Deze ideeën worden ook toegepast op het eigen leven. Leven en dood worden niet als
tegengestelden gezien, maar als twee complementaire elementen. En het nieuwe jaar is bijvoorbeeld
het begin van een nieuw leven, het is niet de som van voorgaande jaren.
De ruimte wordt in deze visie gezien als een web van kosmische, natuurlijke en menselijke relaties.
De mens kan zich daarom niet alleen voelen op de aarde.
In de Mapuche cultuur, een indianengroep in Chili, zijn er 4 grote principes die dit onderstrepen:
- Dualiteit: tegengestelden worden steeds als complementair beschouwd en zo wordt er
eenheid gevonden in de natuurlijke en menselijke diversiteit. Deze dualiteit wordt
doorgetrokken in de organisatie van de samenleving.

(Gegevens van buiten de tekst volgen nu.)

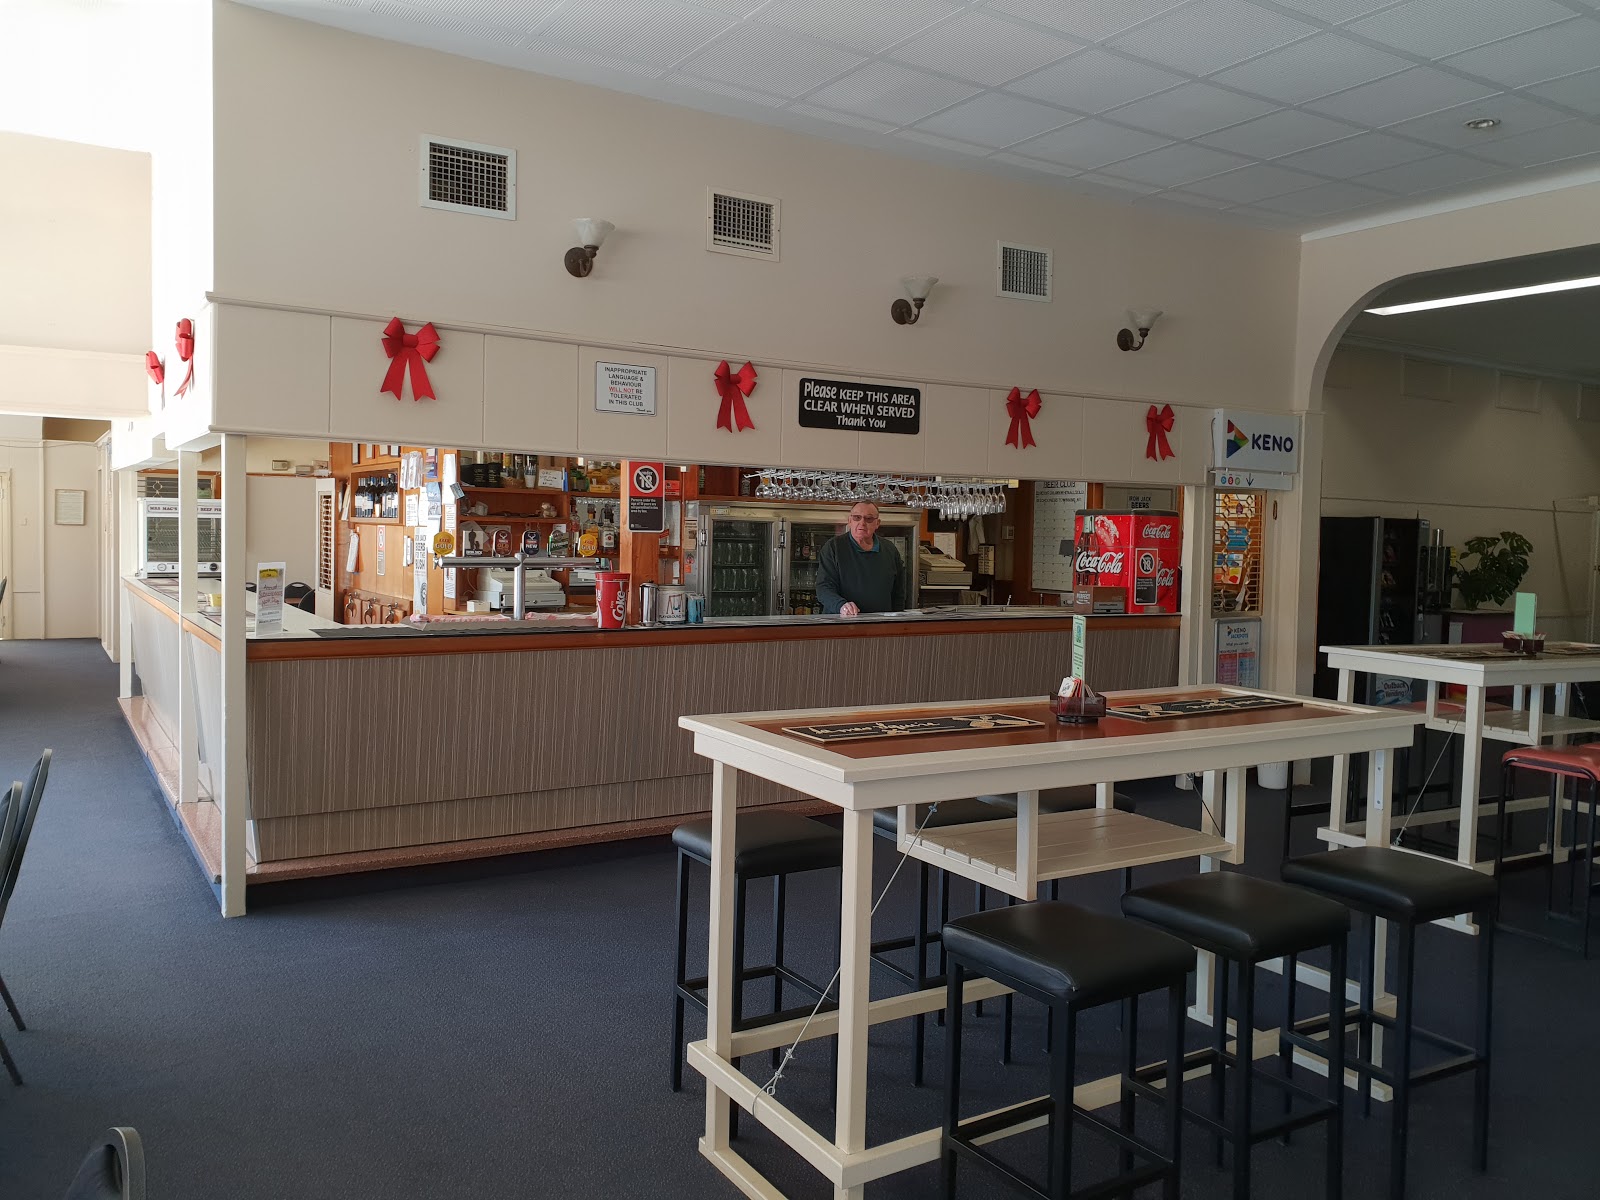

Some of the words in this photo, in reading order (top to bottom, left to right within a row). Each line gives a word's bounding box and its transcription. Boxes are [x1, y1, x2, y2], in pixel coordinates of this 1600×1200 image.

[605, 367, 647, 375] INAPPROPRIATE
[804, 381, 837, 399] Please
[840, 389, 864, 401] KEEP
[866, 391, 889, 403] THIS
[891, 394, 915, 406] AREA
[804, 400, 838, 413] CLEAR
[840, 402, 874, 416] WHEN
[877, 405, 915, 418] SERVED
[836, 415, 866, 427] Thank
[868, 418, 886, 429] You
[1252, 433, 1293, 452] KENO
[639, 475, 653, 488] 18
[1142, 524, 1172, 539] Coca-Cola
[1076, 552, 1125, 573] Coca-Cola
[612, 590, 625, 621] Coke

- Complementaire tegenstelling: Met dit principe wordt de natuurlijke omgeving beschreven:
dag en nacht, zaaien en oogsten, bergen en valleien,… De kijk op de natuur wordt hierdoor
vorm gegeven.
- Kosmologisch beginsel: Hierin staat het concept Pacha Mama centraal, Pacha Mama is veel
meer dan “de aarde” en heeft een ruimte-, tijds-, culturele en historische dimensie.

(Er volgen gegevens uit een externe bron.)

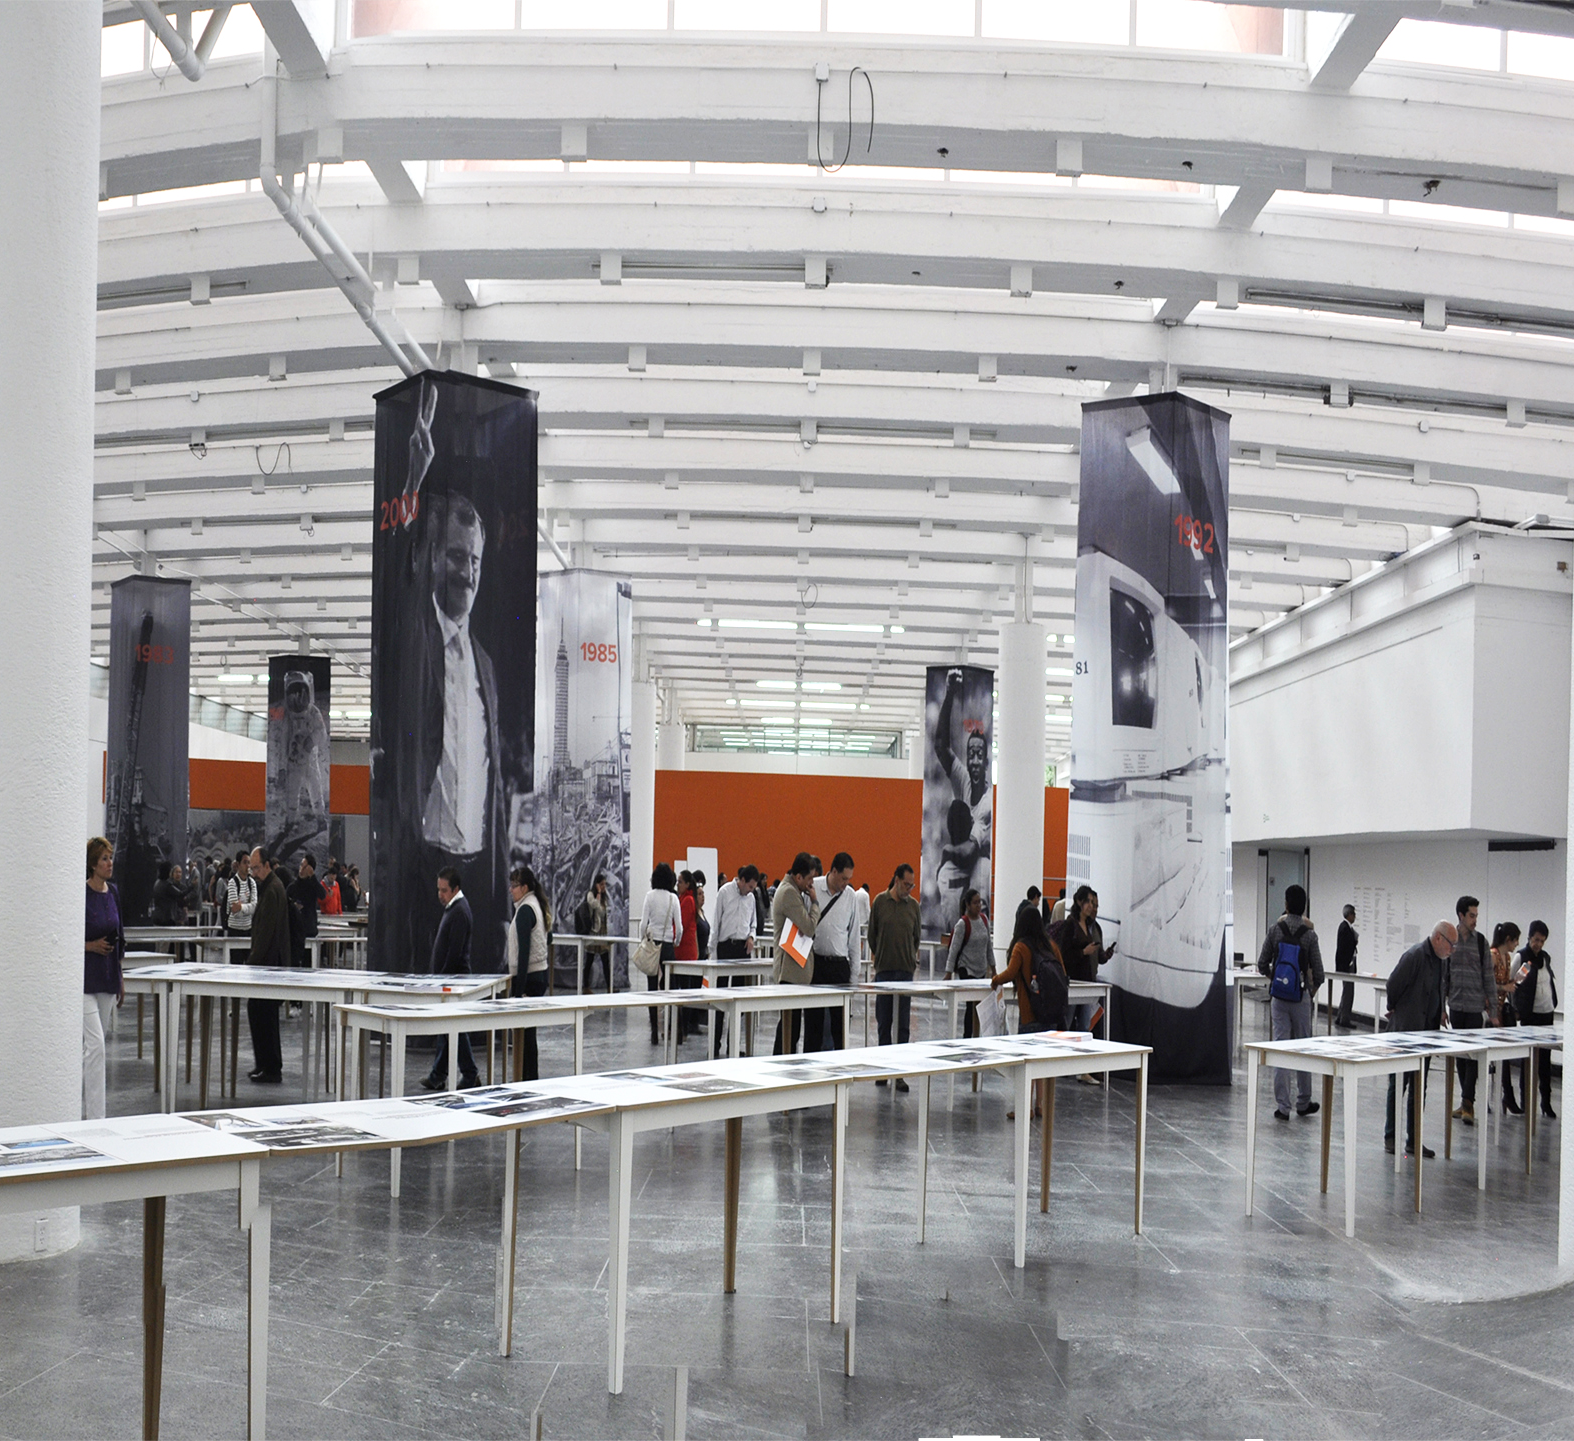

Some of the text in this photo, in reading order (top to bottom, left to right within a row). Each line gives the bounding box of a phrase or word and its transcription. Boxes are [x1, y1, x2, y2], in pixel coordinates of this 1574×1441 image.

[380, 490, 420, 531] 2000
[1174, 513, 1214, 554] 1992
[135, 643, 174, 665] 1983
[580, 641, 617, 664] 1985
[1075, 660, 1089, 675] 81

- Gemeenschapsleven: Kennis van de voorouders, het spirituele leven, gebruiken, kosmologie
en culturele waarden vormen de basis voor de vorming van de gemeenschapsleden. Hun
14
sociale relaties en mentale kader worden door deze dingen aangedreven. Nieuwe kennis en
waarden komen voort uit reële ervaringen in plaats van uit abstract denken.

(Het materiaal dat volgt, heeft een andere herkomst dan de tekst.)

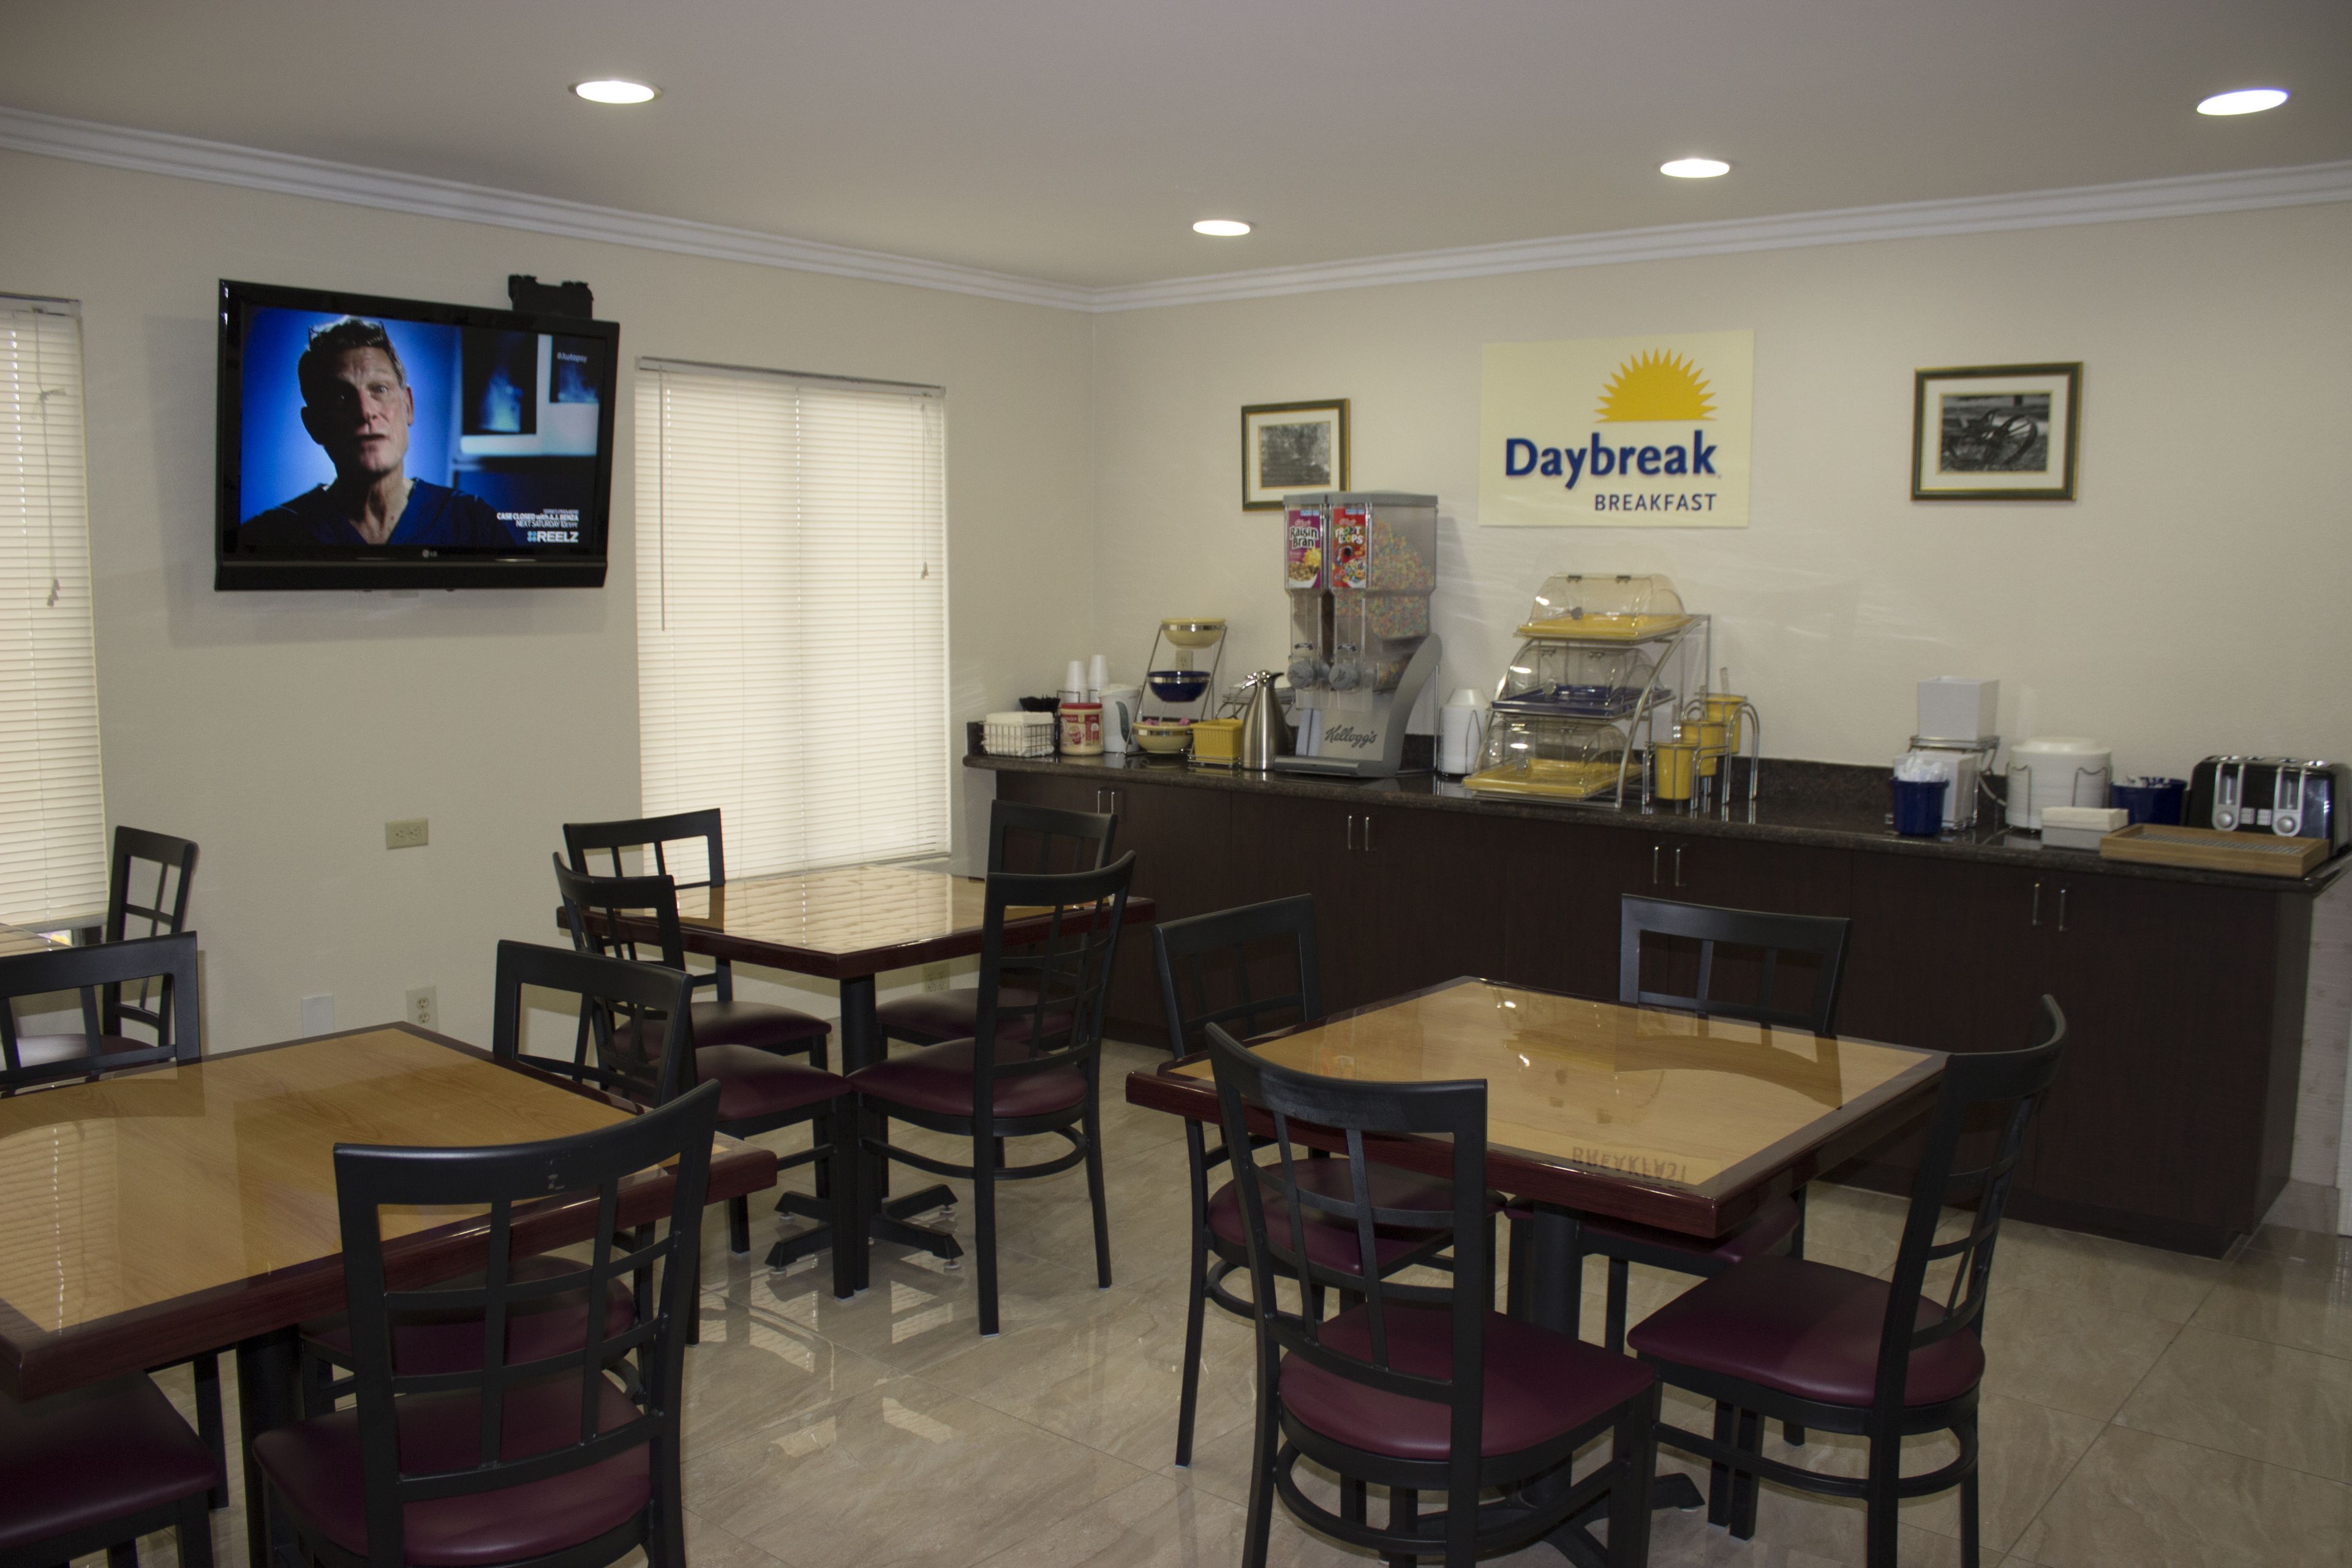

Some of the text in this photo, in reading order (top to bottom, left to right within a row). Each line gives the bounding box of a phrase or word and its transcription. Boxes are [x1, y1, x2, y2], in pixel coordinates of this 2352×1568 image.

[1506, 429, 1717, 490] Daybreak
[1594, 493, 1717, 511] BREAKFAST
[496, 512, 513, 521] CASE
[513, 512, 535, 521] CLOSED
[531, 519, 560, 528] SATURDAY
[537, 530, 579, 543] REELZ
[1290, 526, 1319, 540] Raisin
[1292, 537, 1316, 549] Bran
[1324, 724, 1378, 748] Kellogg's

Het is dus niet juist de inheemse visie af te doen als mystiek en folklore, ze hebben een holistische kijk
ontwikkeld op wat hen omringt, op de wereldse en kosmische processen, hieruit zijn waarden en
normen, geloof, gebruiken, sociale systemen, enzovoort gegroeid.
4. Mythen en legenden
Mythen zijn “heilig”, ze verklaren alles wat rondom ons gebeurt en verantwoorden op die manier de
oorsprong van het water, het vuur, de lucht, de aarde, de bergen, de rivieren, de planten, de dieren,
de mens, zijn geboorte, zijn dood, enzovoort. Een mythe kan op verschillende manieren tot uiting
komen: via een rite, een dans, gezangen, beelden en dus ook via mondelinge overleving.
Overal ter wereld is de omgeving waarin een gemeenschap leeft de inspiratiebron voor het ontstaan
van legenden, mythen en volksverhalen. Dit is in Ecuador niet anders. In de provincie Esmeraldas, die
aan de kust ligt, zijn er bijvoorbeeld tal van verhalen over de oceaan, in de Sierra heeft men het dan
weer vaker over de mythische bergen die hen omringen.
De meeste legenden zijn ontstaan tijdens de Conquista. Maar vele inheemse culturen hebben
natuurlijk een veel langere traditie, zo wordt de eerste Ecuadoraanse legende toegewezen aan de
Shuar. Het is een manier om het ontstaan, de gewoonten en tradities van een volk van generatie op
generatie door te geven.
We duiden met enkele voorbeelden op welke manier de orale cultuur beroep doet op de natuurlijke
omgeving.
Ömë
De Waorani maken geen onderscheid tussen de fysieke en de spirituele wereld, de geesten zijn
alomtegenwoordig in het woud en de dieren die er leven. De Waorani geloven dat de wereld ooit één
15
groot bos was, daarom gebruiken ze hetzelfde woord voor “wereld” en “bos”, ömë.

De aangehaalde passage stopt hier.